由于是宰相晏殊之子,年輕時的他,輕裘肥馬,衣食無憂,經(jīng)常和一幫意氣相投的哥們詩酒風(fēng)流,好不快活。后來,由于家道中落,他又不愿意找他老爸的老同事、老部下幫忙,仕途一直坎坷不平。而他的那些曾經(jīng)和他一起瘋狂的兄弟們,有的已經(jīng)去世,有的因重病而臥床不起。那四個叫做“蓮、鴻、蘋、云”的歌女,也都流散了,少年不再,風(fēng)流不再……
每當他回想起往事時,多半都是和這一段經(jīng)歷有關(guān),這從他的詞集里就能看出來。平心而論,他是喜歡這些歌女的,動了真情的,否則他不會一而再、再而三地回憶這些往事,并把它寫成詞,流傳后世的,尤其是在那個視歌女為私人財產(chǎn)、歌女社會地位很低下、普遍把歌女視為玩物的時代,這一點顯得難能可貴!
如果那些歌女知道了他在她們離開之后,還經(jīng)常回憶她們,并把他的回憶定格為能流傳千年的詞的話,那該是怎樣的一個心情?是不屑,還是感動,又或是無所謂?我想更多的應(yīng)該是感動吧!她們又有什么資本不屑呢,自己的社會地位在那擺著呢;恐怕也做不到無所謂,能得到宰相之子、名動當世的大才子的垂青,有幾個不高興?可惜的是,這一切她們都不知道!
在她們散了之后,他總是把無盡的回憶和心事寫下來,常常是一邊寫一邊流淚,即使淚水滴濕了箋紙,模糊了墨跡。冬天即將過完,去年的雙燕也該快回來了,而回不來的永遠只有她們,就連一封書信也沒有……
那是一個難忘的夜晚,月明風(fēng)柔。她為他吹著笛子,而他在柔美的笛聲里,欣賞著正在綻放的梅花。又是這樣的一個夜晚,風(fēng)物依舊,只是少了那個她,沒有人再為他吹笛,他只得自己橫笛一曲,如怨如訴,心靜地聽到了梅花凋落的聲音。那凋落的何止是梅花啊,更是一段美麗的往事!

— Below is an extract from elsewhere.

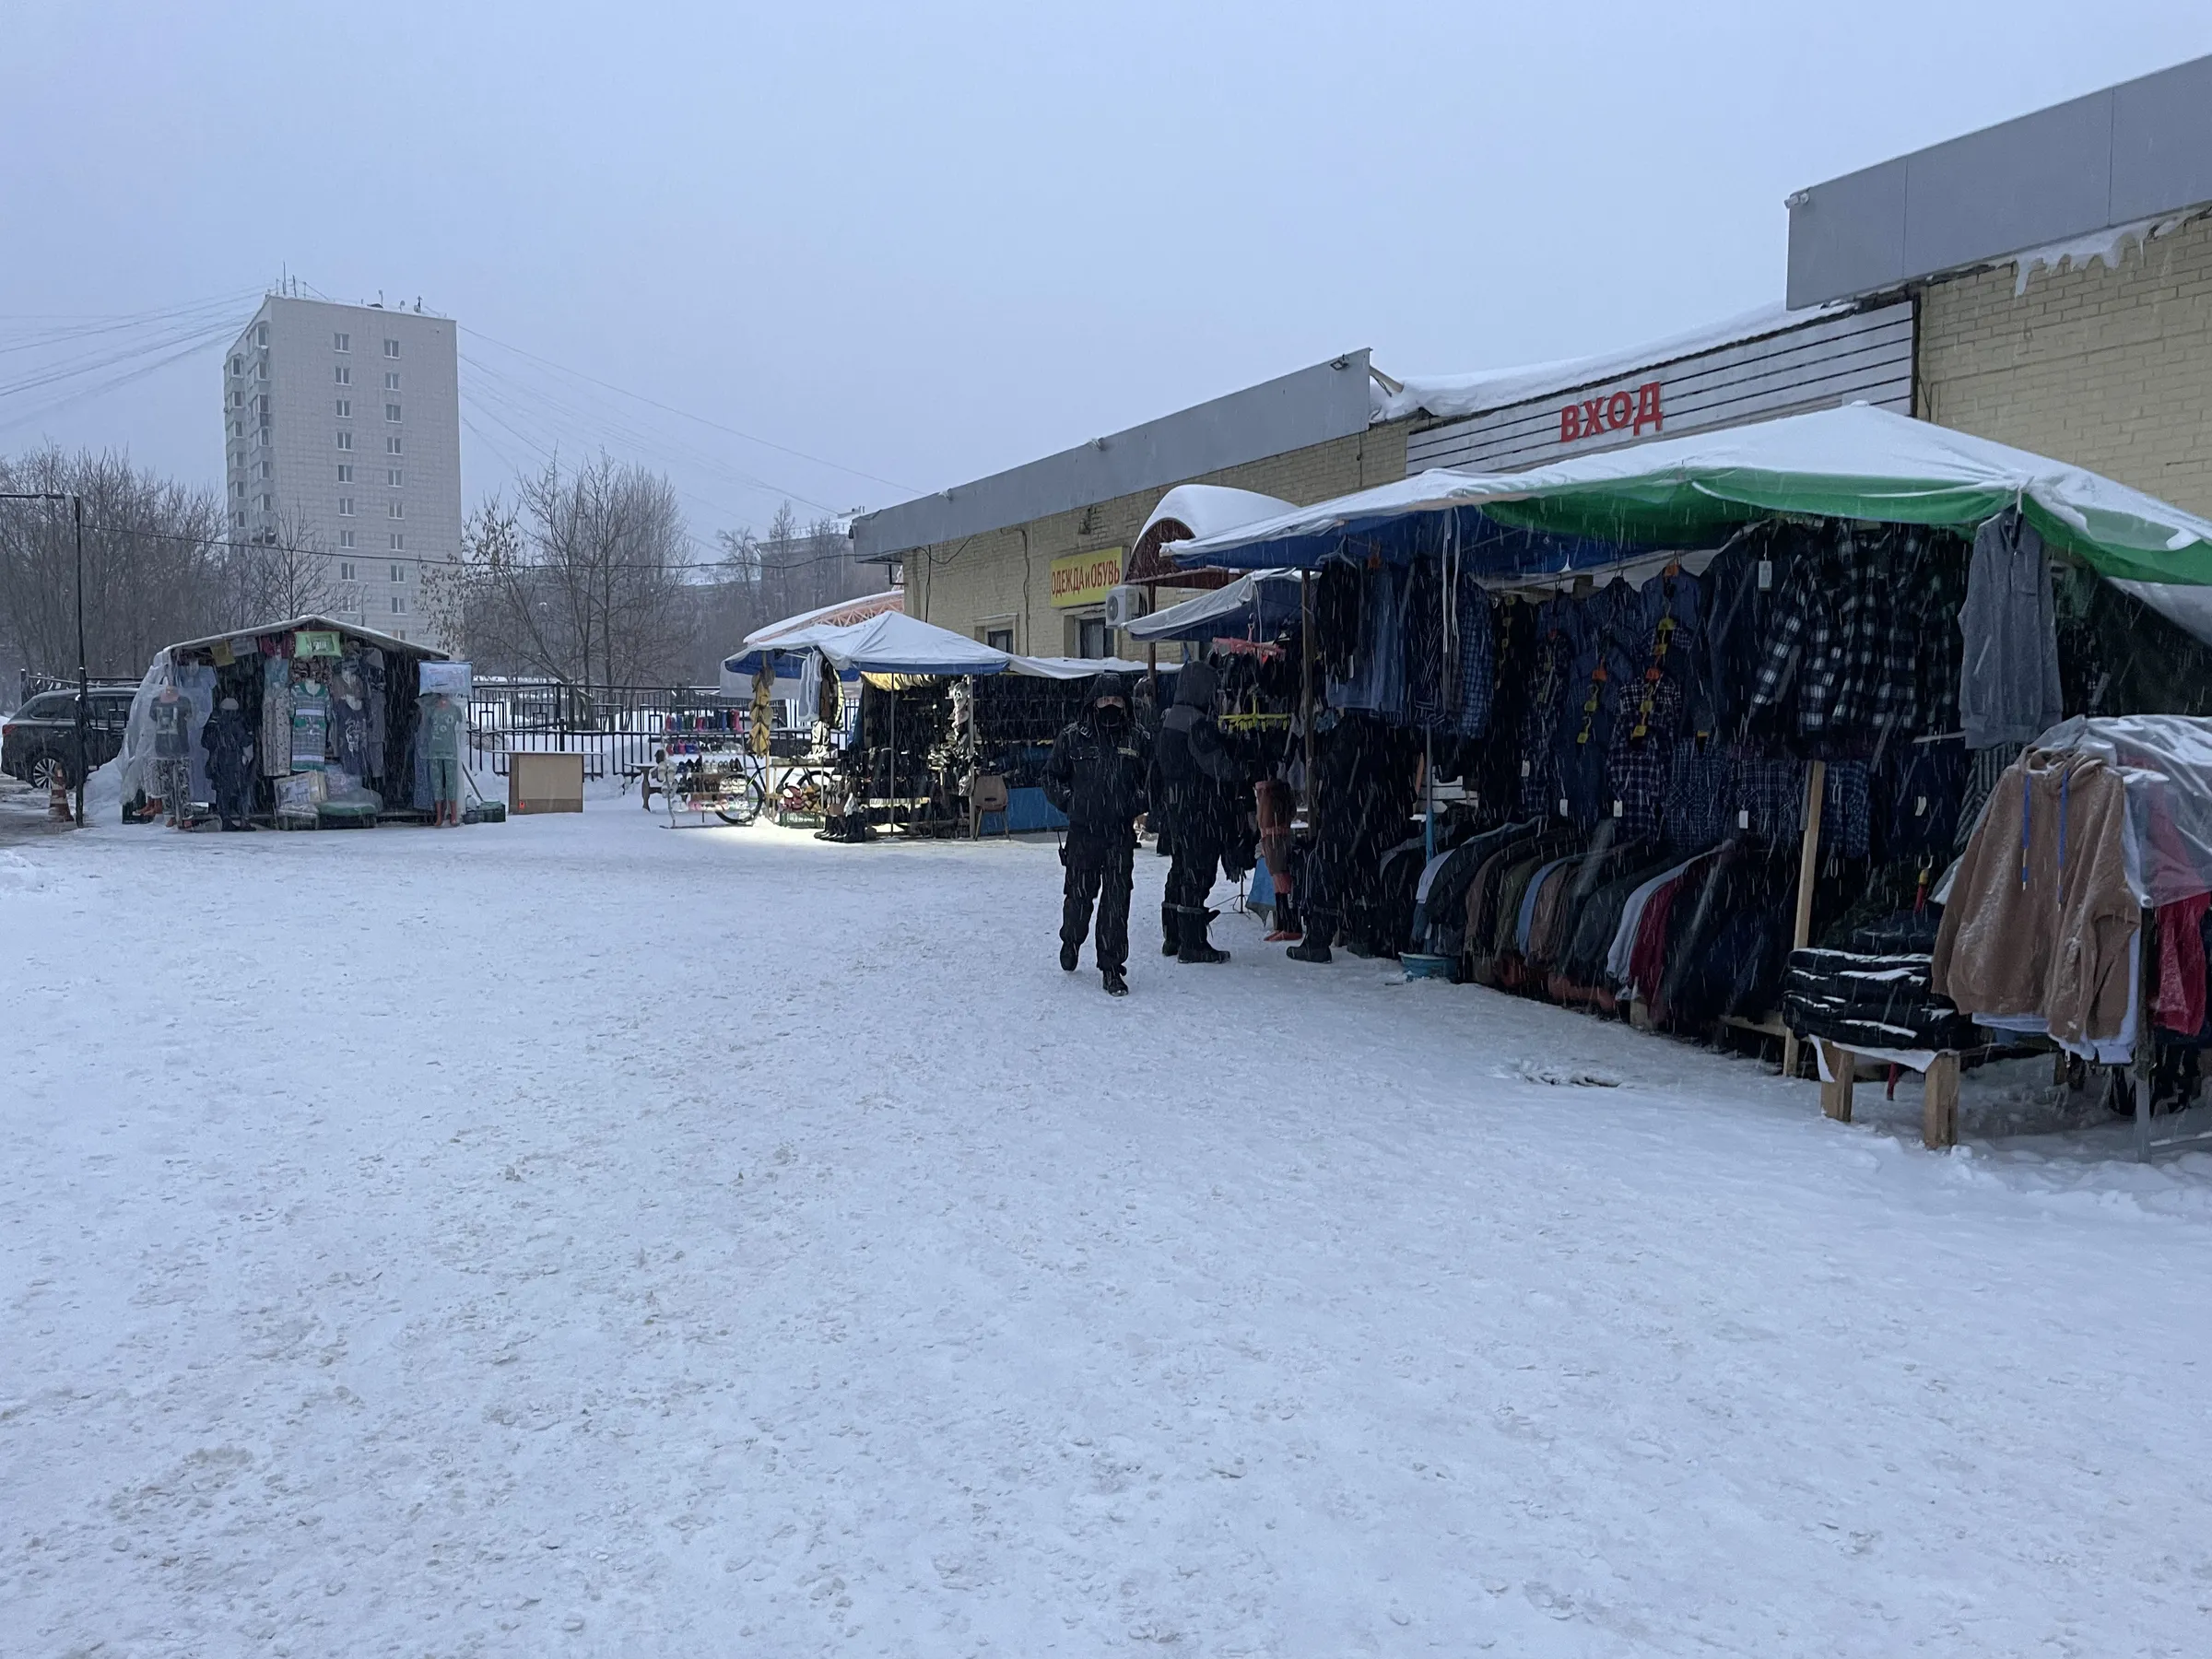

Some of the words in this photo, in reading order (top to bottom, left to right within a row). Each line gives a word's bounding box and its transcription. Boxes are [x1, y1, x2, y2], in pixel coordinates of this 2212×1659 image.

[1559, 381, 1664, 443] ВХОД
[1051, 565, 1085, 598] ОДЕЖДА
[1090, 559, 1121, 588] ОБУВЬ

繁華不再,再美的回憶也只能換個現(xiàn)在的凄涼……
——1.29,合肥,暴雪
原詞:
《虞美人》
濕紅箋紙回紋字。
多少柔腸事。
去年雙燕欲歸時。
還是碧云千里、錦書遲。
南樓風(fēng)月長依舊。
別恨無端有。
倩誰橫笛倚危闌。
今夜落梅聲里、怨關(guān)山。